Por dentro do adeus musical de Gregg Allman


Na noite de 26 de maio, Gregg Allman ouviu sua voz de canto pela Ășltima vez. Michael Lehman, gerente de Allman, enviou as versĂ”es completas de quatro novas mĂșsicas de Allman para sua casa em Savannah, na GeĂłrgia, e Allman conseguiu ouvir quase metade do seu prĂłximo ĂĄlbum. "Ele estava totalmente lĂșcido e estava excitado", lembra Lehman. "Ele estava falando calmamente, mas ele nĂŁo sofria nenhuma dor. Ele amava as faixas e sabia o que ele havia feito".

No dia seguinte, Allman sucumbiu ao cùncer de fígado que ele estava lutando por cinco anos. Lehman e Don Was, que produziram as sessÔes, começaram a trabalhar no o que era de repente o ålbum de despedida de Allman, que ele próprio tinha apelidado de "Southern Blood". "Era um pouco tåcito, mas estava realmente claro que eståvamos preparando uma declaração final, de vårias maneiras", diz Was. "Foi muito pesado, cara. Não íamos fazer um piquenique".

Quando Allman começou a planejar o ĂĄlbum, ele jĂĄ desafiou as chances. Ele havia passado por um transplante de fĂ­gado em 2010, mas dois anos depois foi diagnosticado com cĂąncer de fĂ­gado. De acordo com Lehman, as cĂ©lulas cancerĂ­genas que estavam no corpo de Allman antes do transplante se espalharam para um dos pulmĂ”es do mĂșsico. Dada a escolha do tratamento por radiação, Allman passou a temero que o tratamento prejudicasse suas cordas vocais. Como Lehman disse: "Ele disse:' Eu vou fazer o que eu amo fazer - estar em minha casa e com minha famĂ­lia e estar na estrada com os fĂŁs. Eu nĂŁo vou deixar que algo assim me pare'".

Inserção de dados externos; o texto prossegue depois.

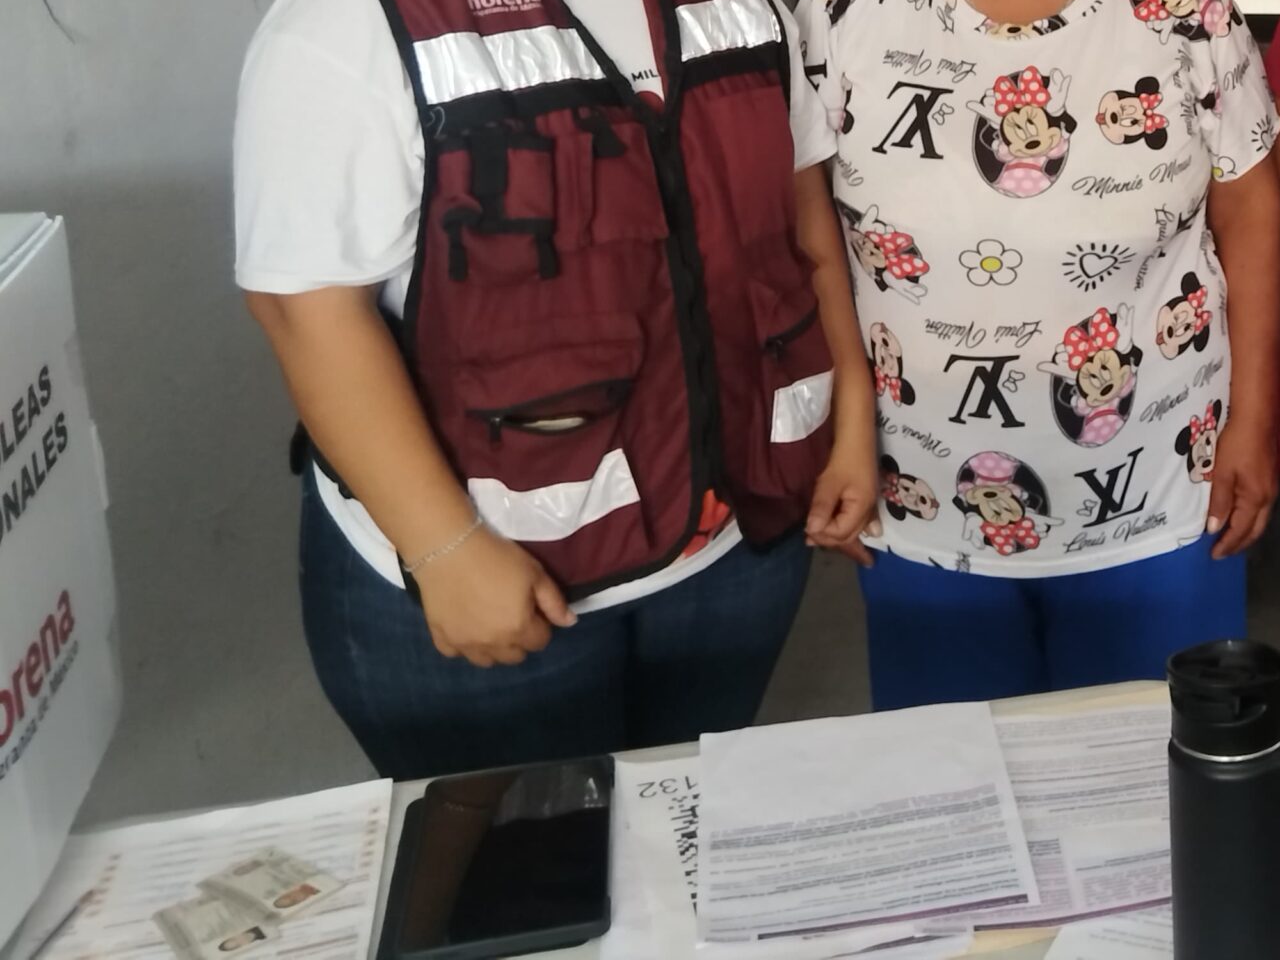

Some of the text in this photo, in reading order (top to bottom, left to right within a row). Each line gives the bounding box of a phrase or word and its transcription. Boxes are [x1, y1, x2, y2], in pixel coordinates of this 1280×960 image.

[1071, 175, 1144, 199] Minnie
[924, 318, 1043, 349] Louis Vuitton
[1062, 511, 1169, 554] Louis Vuitton

No momento em que Allman e sua banda chegaram aos Fame Studios em Muscle Shoals no ano passado, Allman jĂĄ havia mapeado cuidadosamente o que estava procurando ser sua declaração final. Em quase todos os pormenores, "Southern Blood" faz referĂȘncias aos aspectos do passado de Allman. Allman escolheu o Fame porque ele e Duane gravaram com a Hour Glass lĂĄ, e durante o mesmo perĂ­odo, Duane cimentou sua reputação no Fame apoiando Aretha Franklin, Wilson Pickett e outros herĂłis do R&B. "Foi uma maneira de aproveitar o espĂ­rito de Duane", diz Was. (Em uma entrevista para promover o seu concerto de tributo de 2014, "All My Friends", Allman mencionou que o disco seria produzido por Was - que ainda nĂŁo tinha ouvido a notĂ­cia, mas ficou emocionado. "Foi uma jogada muito Gregg" Diz: "NĂłs nunca conversamos sobre isso. Quando o vi em 'All My Friends' [onde foi o diretor musical], ele disse: 'VocĂȘ Ă© legal com isso? VocĂȘ apenas ri, homem'".)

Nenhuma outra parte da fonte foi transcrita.